Mr Kalmuss-Katz drew a parallel with the East Palestine toxic train derailment.
“There’s been very little transparency about the chemicals in the waste being incinerated or the decision-making process of how Heritage was chosen despite its long history of environmental non-compliance,” he said.
He added that East Liverpool was an environmental justice community “that already experiences severe health effects because of emissions from this incinerator and other industrial facilities. The addition of this contaminated waste threatens to worsen that”.
The 2020 lawsuit is ongoing – but it’s not the first legal action that the Heritage facility has faced.
In 2018, the US Department of Justice and EPA settled with Heritage Thermal Services, resolving allegations that the company violated the CAA at its East Liverpool plant “on hundreds of days beginning in November 2010”.
This included violations linked to a 2013 explosion which ruptured incinerator ducting and released untreated flue gas, steam, and boiler ash beyond the facility’s fence line.
Part of the settlement required that Heritage not accept certain waste that causes the kind of excess emissions that contributed to the July 2013 incident. The company was also ordered to pay more than $500,000 in penalties and abatement costs to resolve those violations.
Local TV station WMFJ reported that there was a fire at the East Liverpool facility in June 2022 but that the company reported no hazardous waste was involved in the fire, and no one was injured.

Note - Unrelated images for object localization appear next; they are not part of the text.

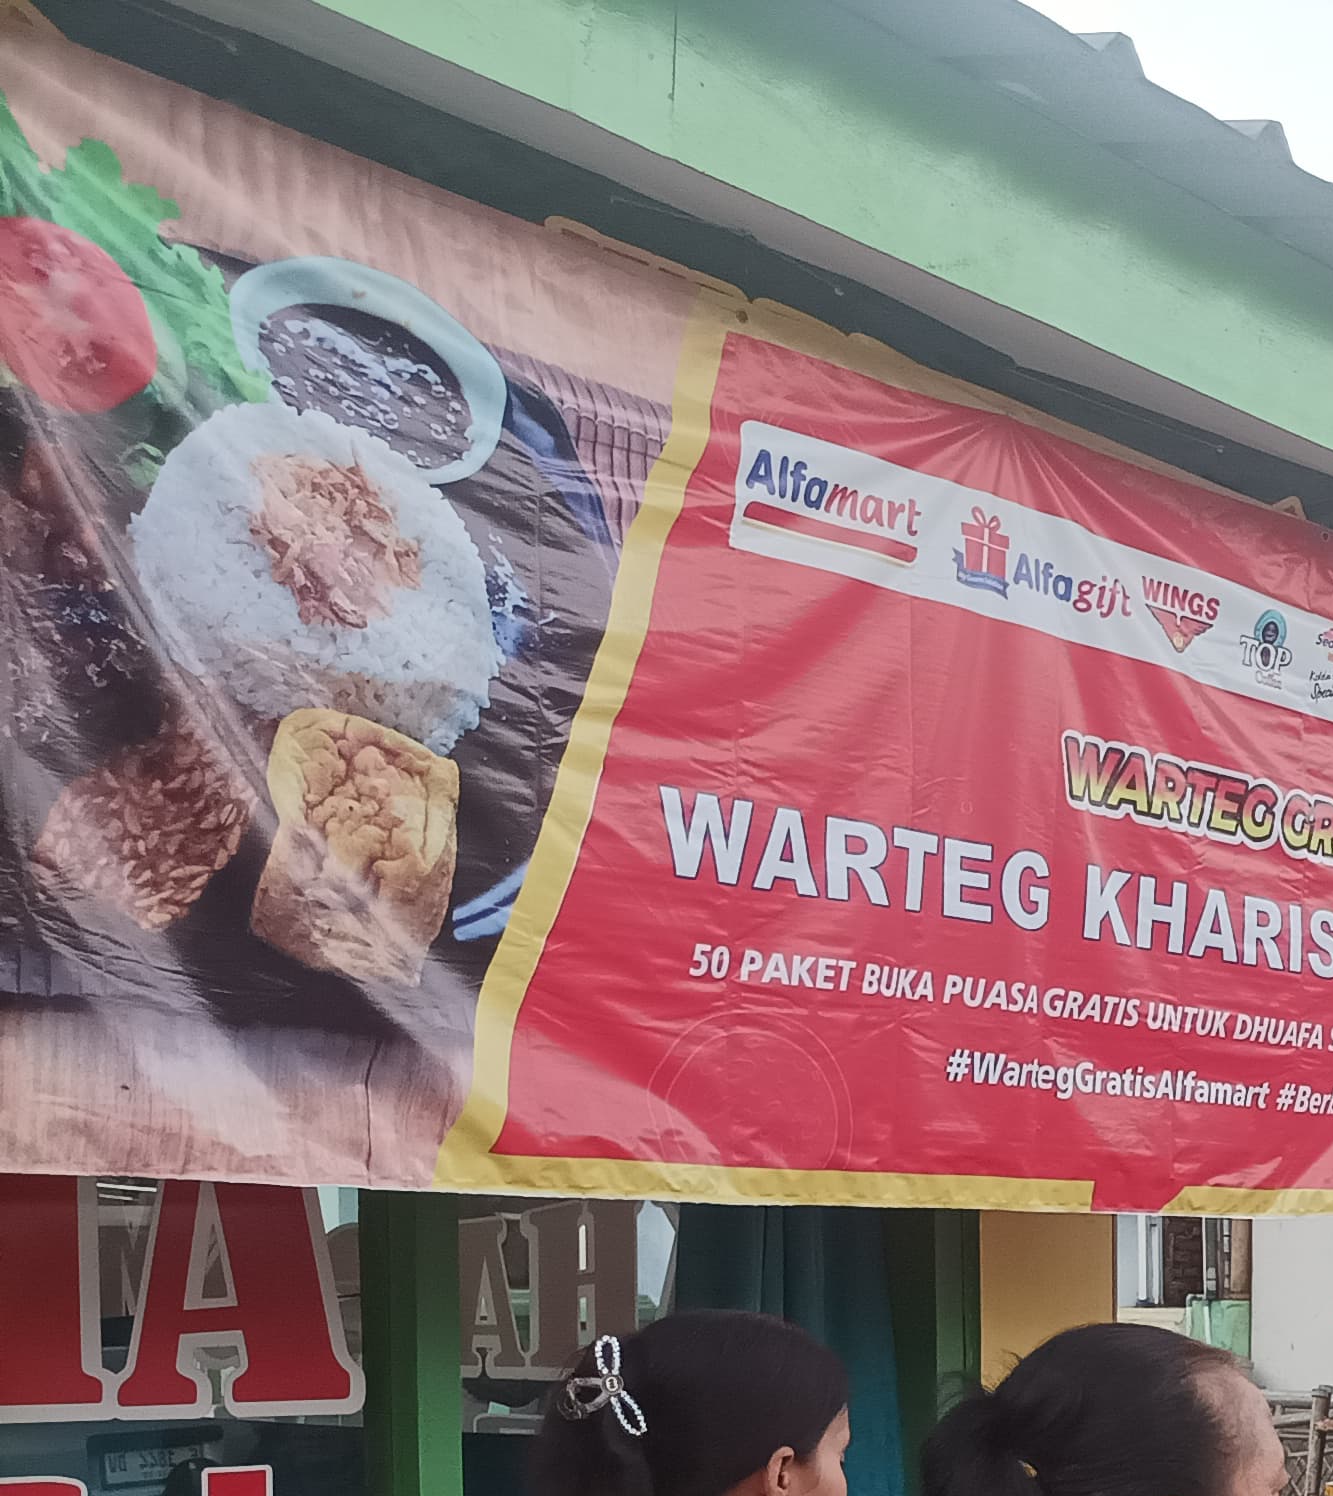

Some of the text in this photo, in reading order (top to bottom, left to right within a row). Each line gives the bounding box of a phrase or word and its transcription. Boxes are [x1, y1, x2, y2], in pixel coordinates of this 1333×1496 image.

[745, 449, 921, 537] Alfamart
[1013, 553, 1132, 618] Alfagift
[1142, 575, 1221, 621] WINGS
[1240, 634, 1293, 673] TOP
[1063, 736, 1277, 841] WARTEG
[659, 785, 1052, 931] WARTEG
[689, 943, 730, 978] 50
[740, 949, 857, 991] PAKET
[861, 963, 934, 1002] BUKA
[943, 974, 1038, 1014] PUASA
[1042, 987, 1141, 1027] GRATIS
[1146, 1003, 1228, 1039] UNTUK
[1233, 1013, 1324, 1051] DHUAFA
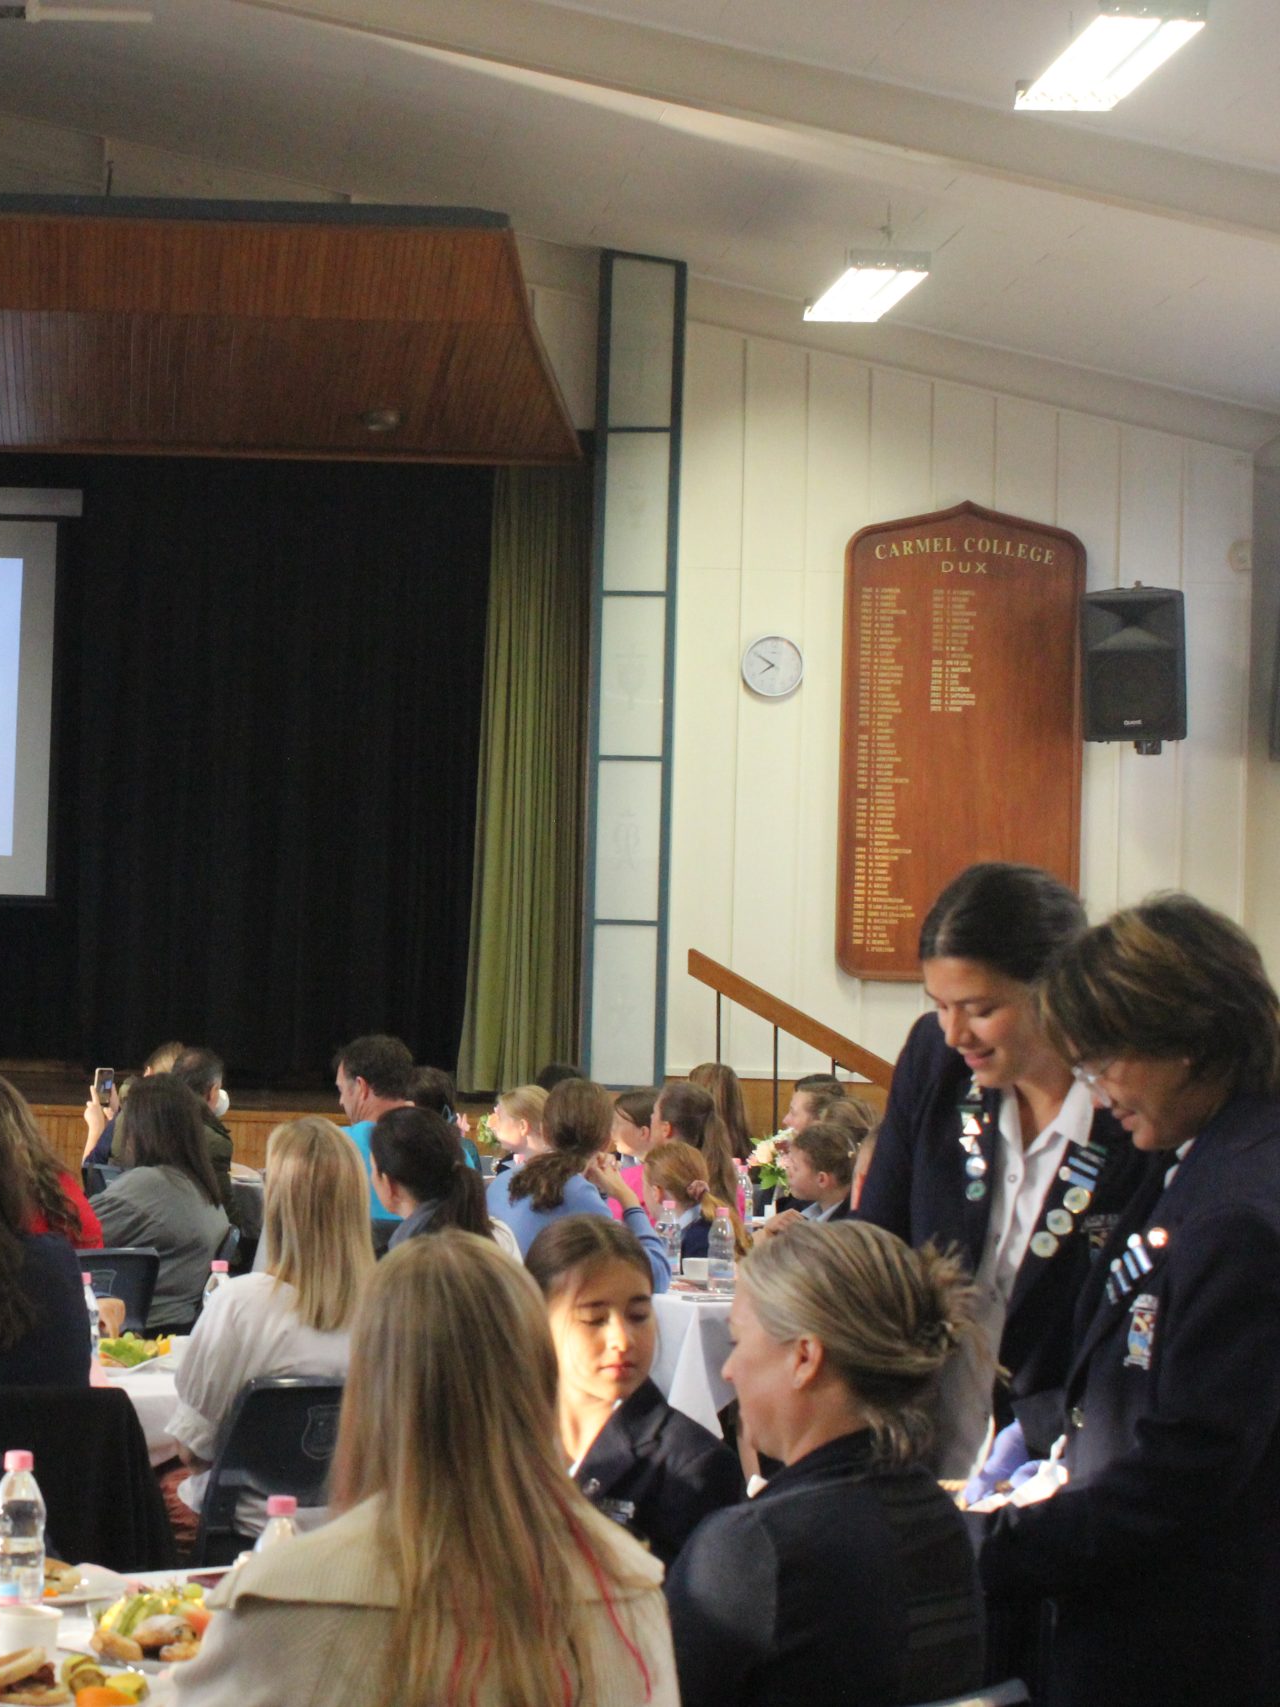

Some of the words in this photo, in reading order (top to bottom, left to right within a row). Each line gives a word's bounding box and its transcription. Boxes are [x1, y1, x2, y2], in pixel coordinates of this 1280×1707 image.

[875, 537, 956, 560] CARMEL
[963, 538, 1055, 565] COLLEGE
[941, 561, 987, 574] DUX

Earthjustice also told The Independent that Heritage Thermal Services had violated its CAA permit repeatedly over the last three years and separately, expert analysis conducted by the non-profit revealed at least 38 permit exceedances since 2018.
In an email, Heritage Thermal Services toldThe Independent that it has been engaged to support the East Palestine train derailment cleanup and is “providing support at the site in accordance with the cleanup plan approved by government agencies with jurisdiction over the response to the event”.

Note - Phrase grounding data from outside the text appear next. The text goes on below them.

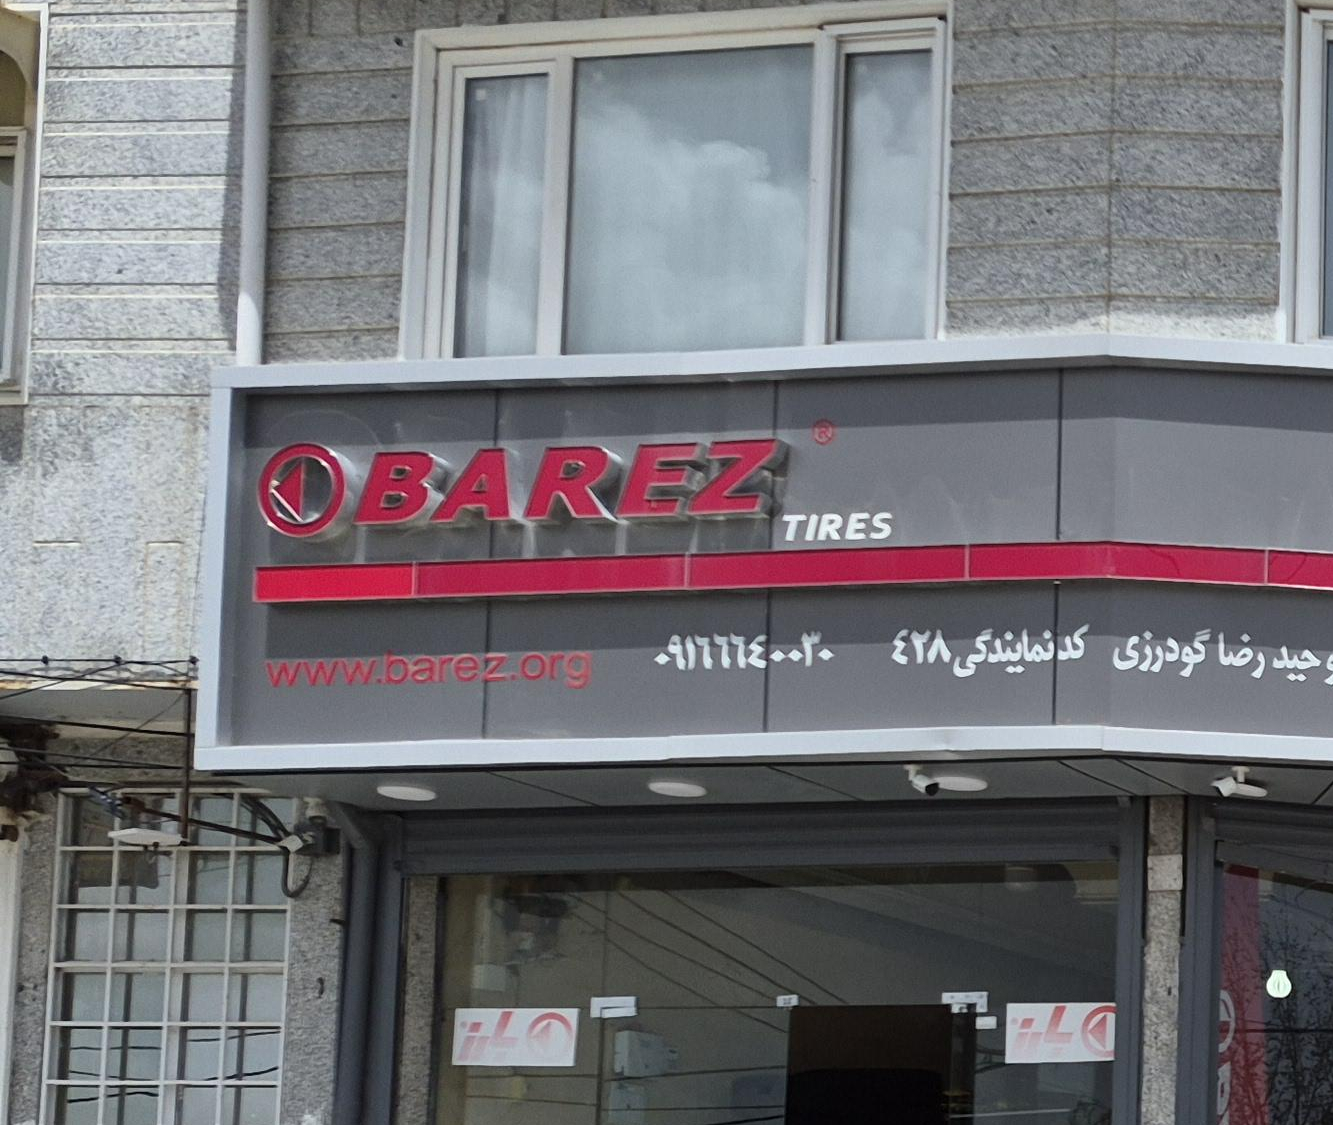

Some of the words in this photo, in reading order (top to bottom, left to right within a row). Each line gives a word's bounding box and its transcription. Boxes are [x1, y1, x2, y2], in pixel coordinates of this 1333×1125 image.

[354, 439, 784, 525] BAREZ
[781, 511, 894, 542] TIRES
[266, 651, 593, 690] www.barez.org
[1112, 629, 1212, 678] گودرزی
[1217, 633, 1267, 679] رضا
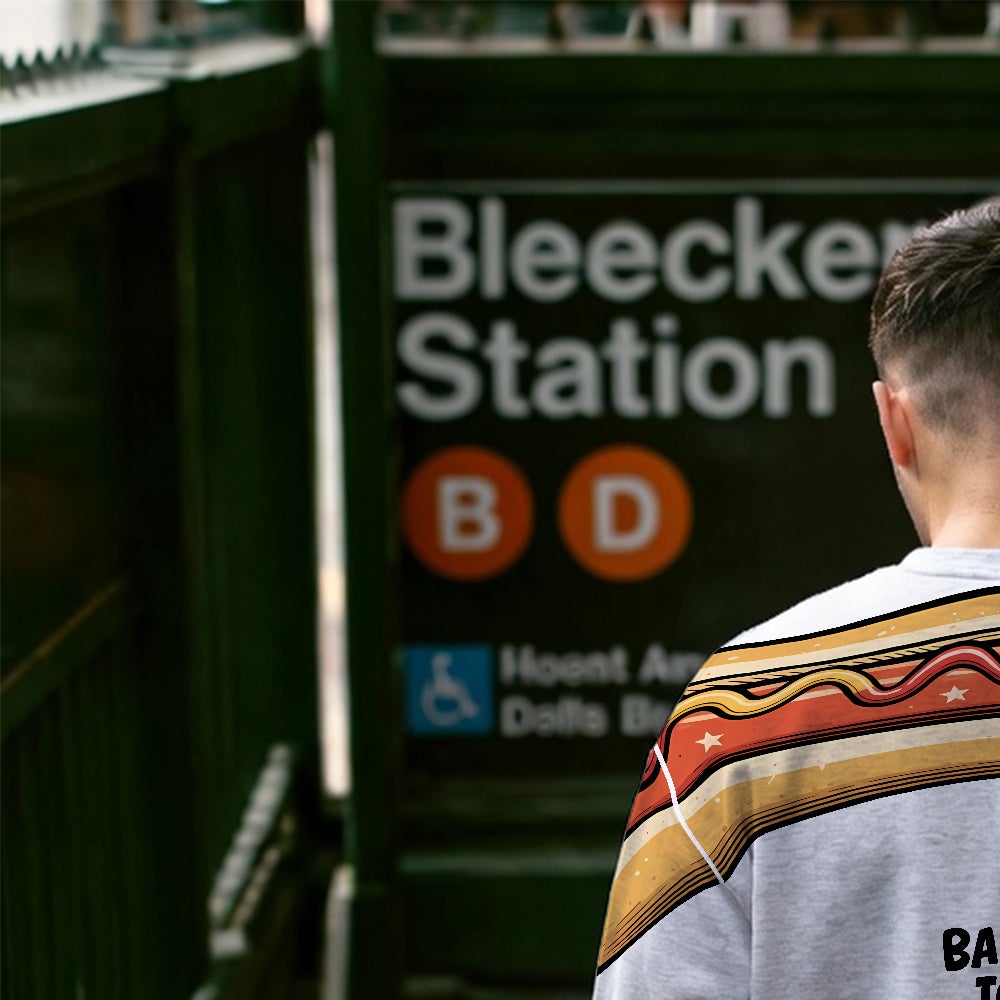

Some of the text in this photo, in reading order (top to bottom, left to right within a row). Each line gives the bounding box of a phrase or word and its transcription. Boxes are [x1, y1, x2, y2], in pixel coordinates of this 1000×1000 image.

[399, 314, 836, 419] Station
[438, 475, 660, 552] B D

The statement continued: “Materials eligible for high-temperature destruction will be processed at the HTS facility in East Liverpool, Ohio, which is located about 20 miles due south of East Palestine. The facility is fully permitted to manage the materials generated by cleanup activities at the derailment site. HTS stands ready to do its part to help the protect human health and the environment of its East Palestine neighbors.”
An incinerator in Grafton, Ohio, and a landfill in Roachdale, Indiana, are to receive shipments from East Palestine with some liquid and solid waste already transported to sites in Michigan and Texas.
About 1.8 million gallons of liquid waste were collected following the disaster, according to the Ohio EPA. Some of the remaining liquid will be injected into an underground well at a facility in Vickery, Ohio.
There were no injuries caused by the 38-car derailment. However after concerns about a potential explosion of flammable liquids, a controlled burn of toxic vinyl chloride was carried out, sending black clouds billowing across the region.
Air testing in East Palestine and inside hundreds of homes hasn’t detected any concerning levels of contaminants, according to state and federal officials, who also say the local drinking water is safe. However, many residents remain deeply concerned about the long-term effects.